How Check Point ensures greater protection
Mitchelson added that the damage a BEC attack can cause can be substantial, so firms should be looking to reduce the risk to as close to zero as possible. The best way to ensure protection is by layering security, not just relying on one defence. “It’s like everything we do in life. We put locks on houses, and we put alarms on houses as well. We always layer things in life, that’s what we do. We need to do the same thing with security.”
One of the reasons Check Point is able to stop so much more than competitors is because it doesn’t look to replace them. It leverages its patented inline solution that can be embedded directly into services like Microsoft 365 and Gmail as an API. This means it can complement the anti-phishing services of Microsoft, for example, and catch any illicit emails that it misses. This means Check Point can protect more than just email, but the entire collaboration stack, whether that is OneDrive, Microsoft Teams, Slack and many more.
By being directly embedded into an API, it means Check Point can stop a phishing email from even getting into an employee’s mailbox. Mitchelson explained that a lot of other security vendors work by having the email to sit in a mailbox for 80 seconds until it starts a loop to see whether it is a threat and needs to be quarantined. This might not seem like a long time, but it still allows enough time for an employee to see it and act upon it.
Check Point is the only security vendor that is entirely focused on preventative security. It has built and honed its threat intelligence layer over the course of 30 years, making it one of the longest security systems. This layer, which is continuously learning, assesses an email based on a risk score it creates and acts upon it before it arrives in an inbox.
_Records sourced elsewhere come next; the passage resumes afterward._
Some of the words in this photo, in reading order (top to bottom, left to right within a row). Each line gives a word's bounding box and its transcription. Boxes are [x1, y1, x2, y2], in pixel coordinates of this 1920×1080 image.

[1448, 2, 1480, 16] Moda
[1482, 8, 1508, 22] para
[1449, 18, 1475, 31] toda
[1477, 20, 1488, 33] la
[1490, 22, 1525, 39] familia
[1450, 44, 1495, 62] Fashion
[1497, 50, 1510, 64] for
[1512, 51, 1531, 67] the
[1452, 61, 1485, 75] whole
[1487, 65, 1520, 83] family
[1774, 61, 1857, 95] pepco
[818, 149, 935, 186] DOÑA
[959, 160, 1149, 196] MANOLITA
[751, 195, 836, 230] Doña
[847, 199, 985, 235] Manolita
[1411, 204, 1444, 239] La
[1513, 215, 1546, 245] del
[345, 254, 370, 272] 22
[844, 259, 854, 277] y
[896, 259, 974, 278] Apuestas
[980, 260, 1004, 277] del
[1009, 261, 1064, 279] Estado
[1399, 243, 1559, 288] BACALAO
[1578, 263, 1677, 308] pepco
Becoming more proactive with email security seems like a logical move, however, firms are not making that move. Mitchelson argued this is simply because it is hard to get into that mindset and take the time to ensure the technology works. He pointed to the fact that many of the vendors that are protecting infrastructure have critical vulnerabilities in their systems, shown by the level of successful attacks that still happen. What this tells Mitchelson is that a lot of firms are either innovating too quickly that issues slip past, or the quality assurance tests are not good enough. Check Point prides itself on ensuring its system is the best it can be.
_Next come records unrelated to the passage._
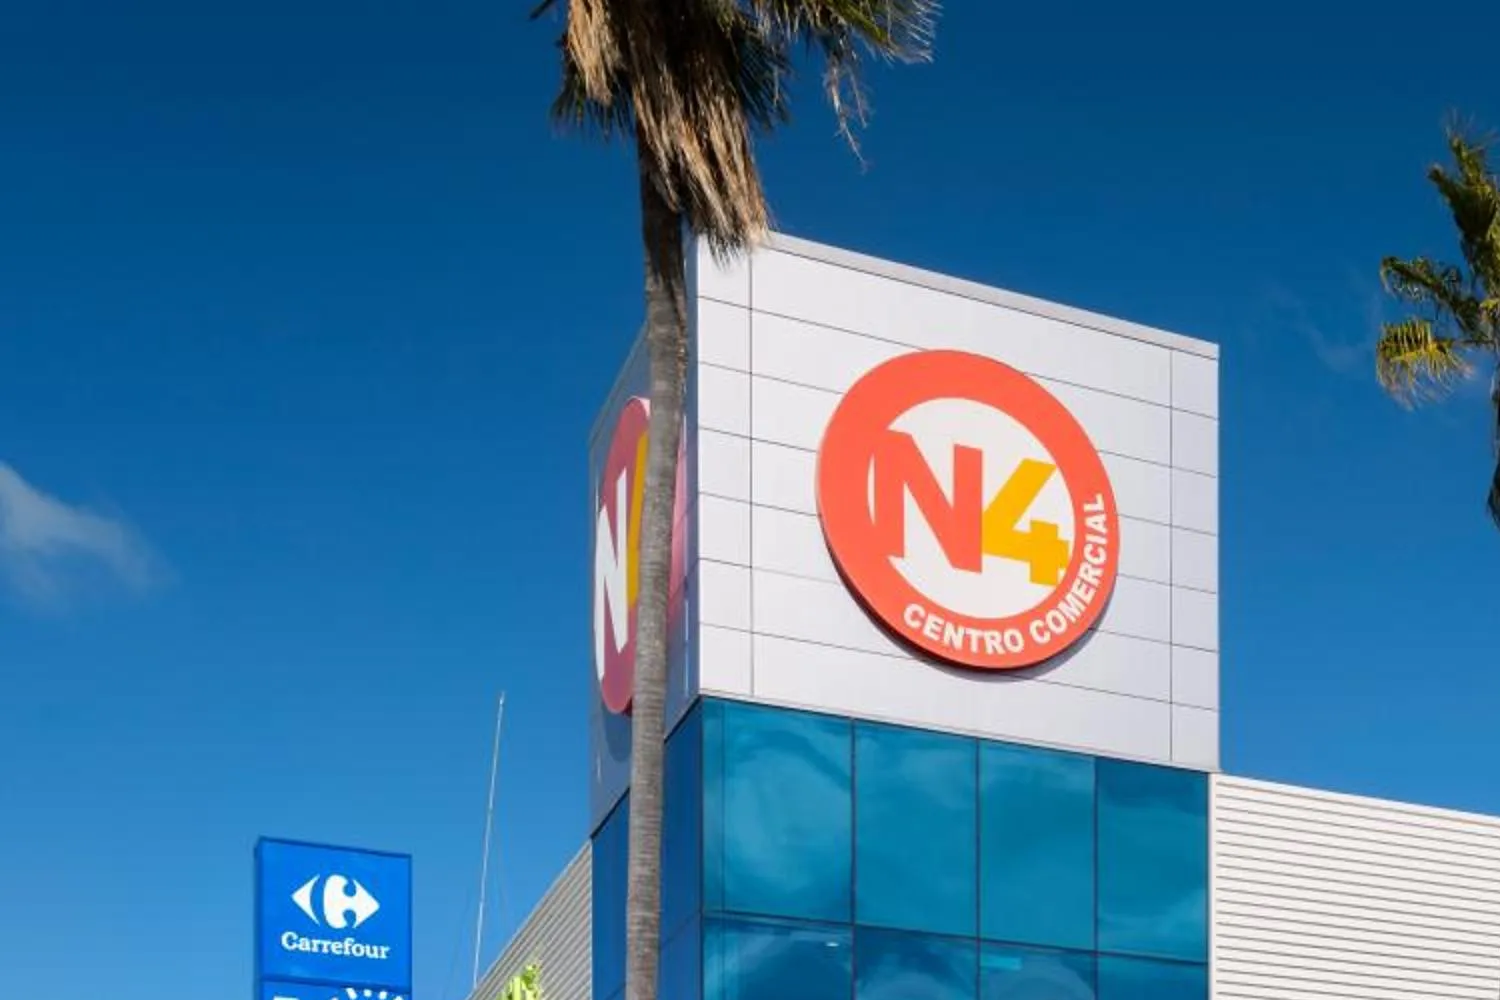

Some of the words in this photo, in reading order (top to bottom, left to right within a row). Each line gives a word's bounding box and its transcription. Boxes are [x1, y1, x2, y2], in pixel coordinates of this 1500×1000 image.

[875, 428, 1070, 586] N4
[903, 603, 1025, 655] CENTRO
[1029, 493, 1108, 645] COMERCIAL
[280, 930, 391, 960] Carrefour
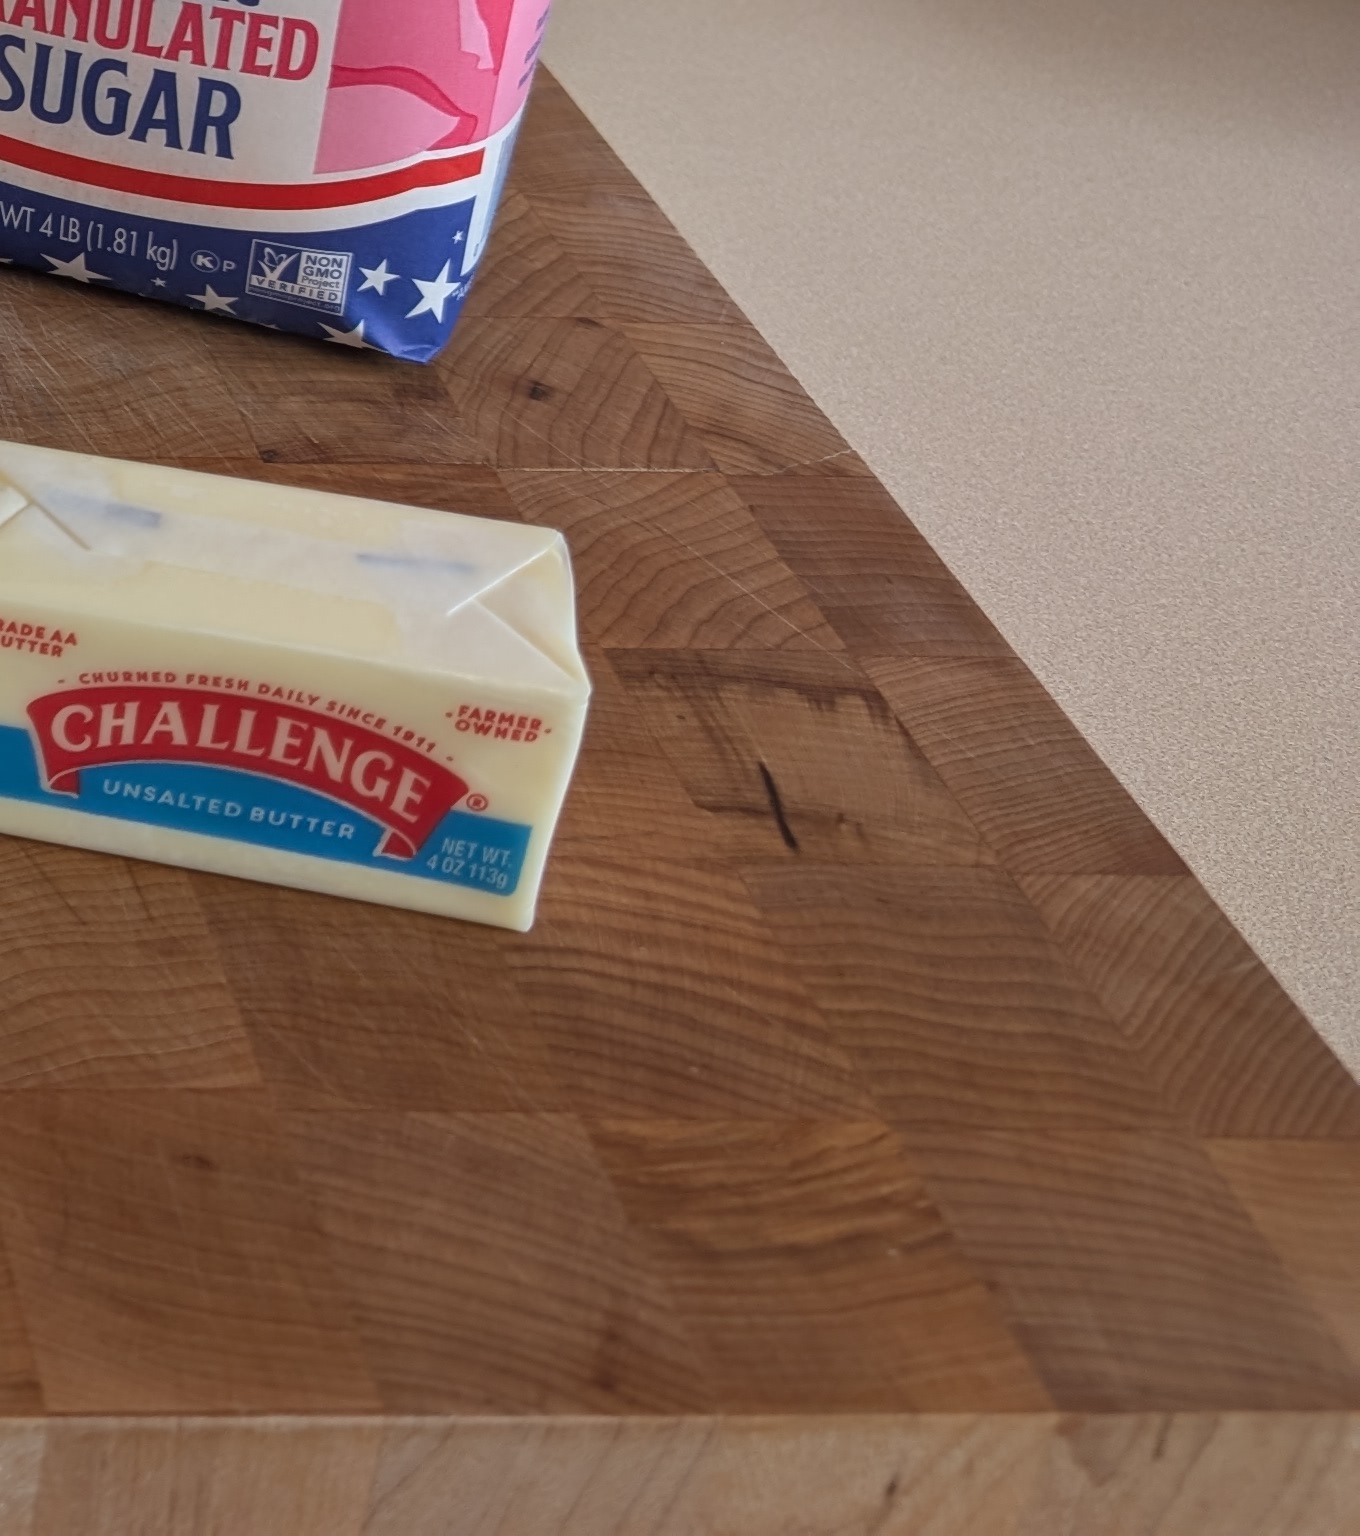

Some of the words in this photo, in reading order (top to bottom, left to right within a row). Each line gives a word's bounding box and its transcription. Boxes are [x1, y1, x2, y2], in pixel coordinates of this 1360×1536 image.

[0, 201, 35, 233] WT
[39, 213, 53, 237] 4
[59, 214, 80, 243] LB
[87, 221, 137, 256] (1.81
[146, 231, 178, 271] kg)
[223, 260, 236, 272] P
[303, 266, 342, 279] GMO
[305, 254, 343, 268] NON
[256, 277, 338, 302] VERIFIED
[301, 275, 340, 290] Project
[50, 629, 77, 646] AA
[79, 671, 177, 684] CHURNED
[186, 674, 250, 691] FRESH
[257, 683, 320, 706] DAILY
[326, 699, 387, 730] SINCE
[392, 725, 436, 753] 1911
[457, 704, 543, 731] FARMER
[454, 718, 538, 743] OWNED
[49, 700, 432, 824] CHALLENGE
[103, 778, 242, 817] UNSALTED
[249, 806, 355, 839] BUTTER
[441, 837, 478, 858] NET
[426, 854, 436, 870] 4
[441, 858, 466, 876] OZ
[468, 864, 508, 889] 113g
“Because everything we do is preventative, we make sure everything is absolutely done right. The QA around everything is done to the nth degree, which means when the products come out, they are not buggy. These products are not rushed and do exactly what you would expect them to do.”
How BEC will evolve over the next few years
As mentioned briefly, AI is becoming a lot more advanced, and this is helping criminals to transform the level of their attacks. Over the coming years, Mitchelson sees AI and API-based attacks becoming a lot more common. He said, “I’ve got a real concern that we’re going to see a massive upsurge in 2023 and 2024 for BEC and most of it will be driven by AI.
With the horizon looking set for a surge in BEC attacks, Mitchelson urged firms to check out what Check Point can do. It offers a 14-day test that lets a firm implement Check Point’s email security system within just seven clicks. When set up in discovery mode, it can show a firm how many phishing emails they receive and place a risk score on them so the client can see the most severe. This then gives a security team something they can show to their board that clearly shows the risk they are facing.
He concluded, “Even if you don’t want to engage and spend the money on Check Point, what I would say is surely you will want to actually test the quality of your systems. Implement Check Point for 14 days, inline and without any performance hit, and it will actually let you see how you’re doing. Use it to actually validate what you’ve got in place and if you’re doing a brilliant job, then great get that promotion from the board. If you’re not doing a great job, your board would want to know.”